• [Work order]
Wherever an image appears in the entries, drop it and reproduce everything else exactly.

┏━━

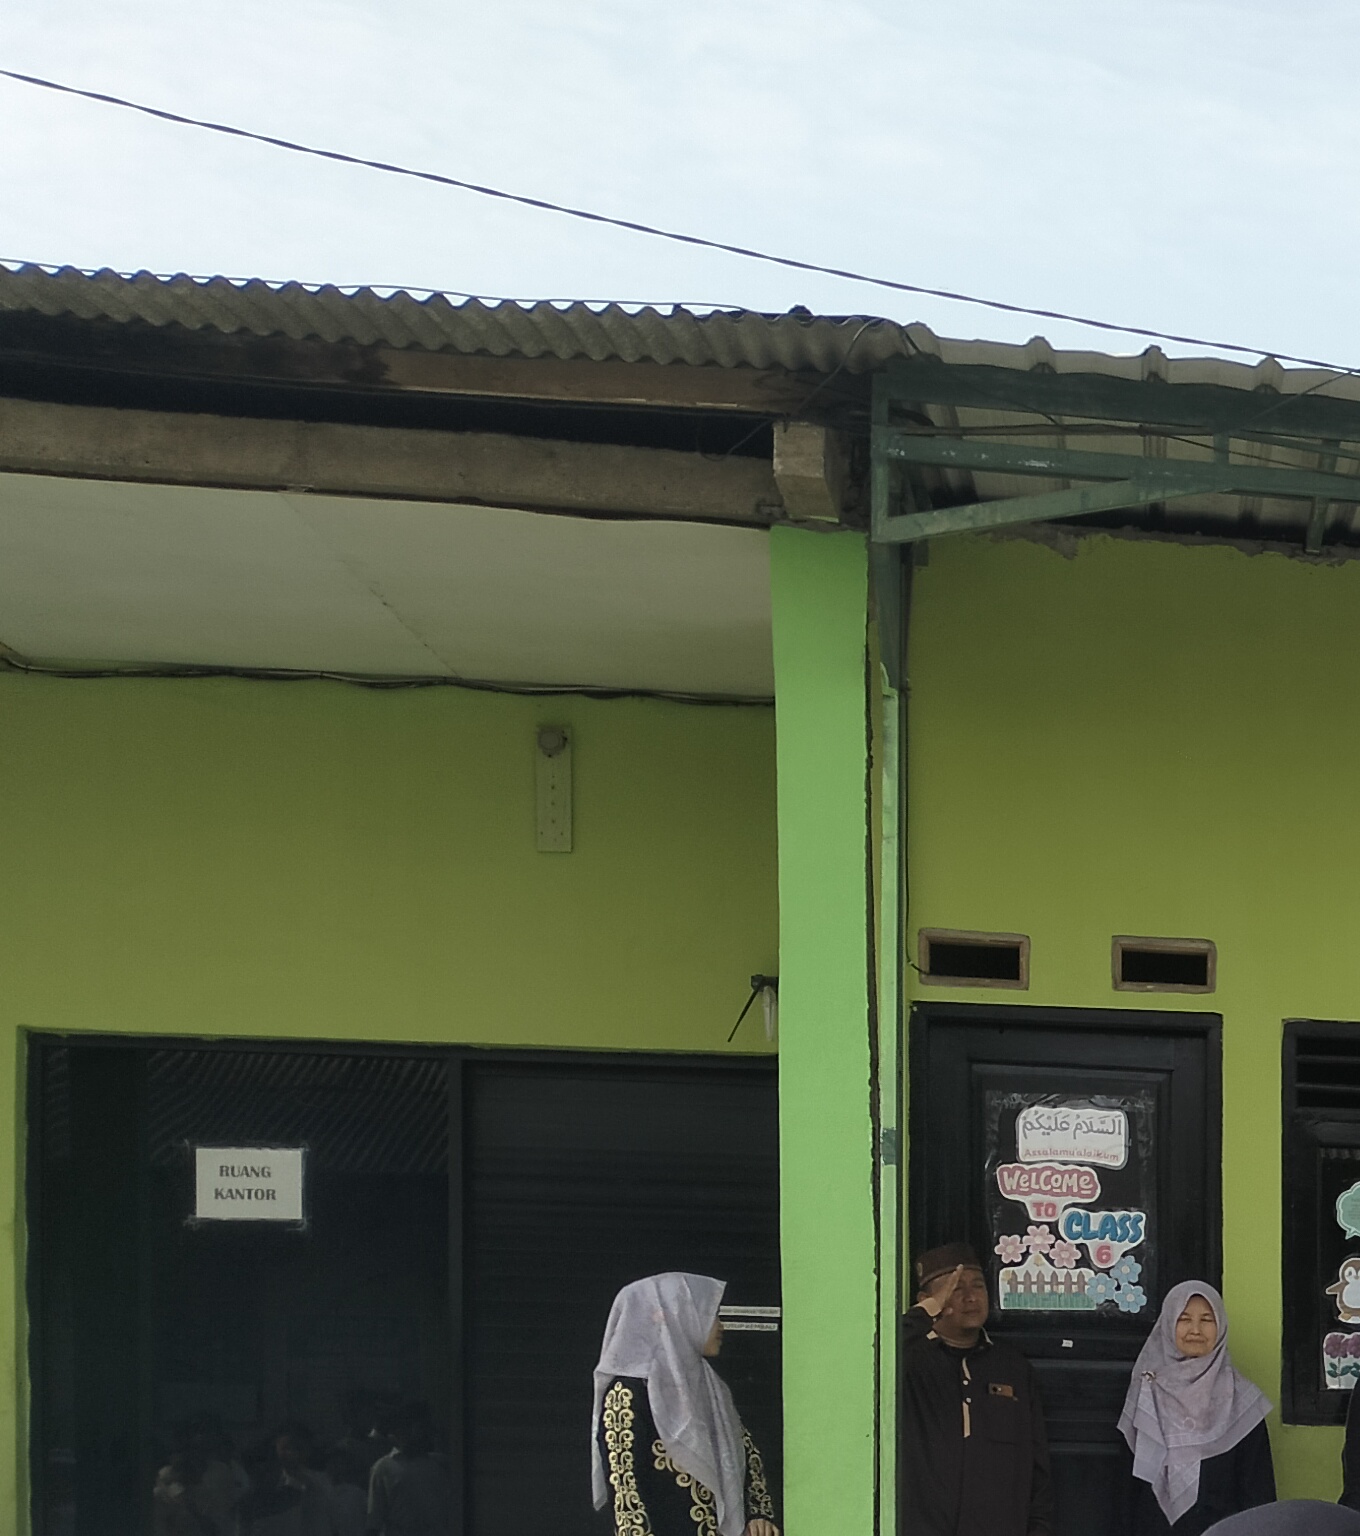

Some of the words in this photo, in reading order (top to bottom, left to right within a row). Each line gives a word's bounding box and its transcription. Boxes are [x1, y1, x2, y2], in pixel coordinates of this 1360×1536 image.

[219, 1165, 271, 1178] RUANG
[214, 1188, 276, 1200] KANTOR
[1032, 1202, 1057, 1217] TO
[1064, 1210, 1143, 1243] CLASS
[1096, 1245, 1112, 1264] 6

┗━━

• [Output]
Some of the words in this photo, in reading order (top to bottom, left to right within a row). Each line gives a word's bounding box and its transcription. Boxes are [x1, y1, x2, y2], in pixel coordinates of this 1360×1536 image.

[219, 1165, 271, 1178] RUANG
[214, 1188, 276, 1200] KANTOR
[1032, 1202, 1057, 1217] TO
[1064, 1210, 1143, 1243] CLASS
[1096, 1245, 1112, 1264] 6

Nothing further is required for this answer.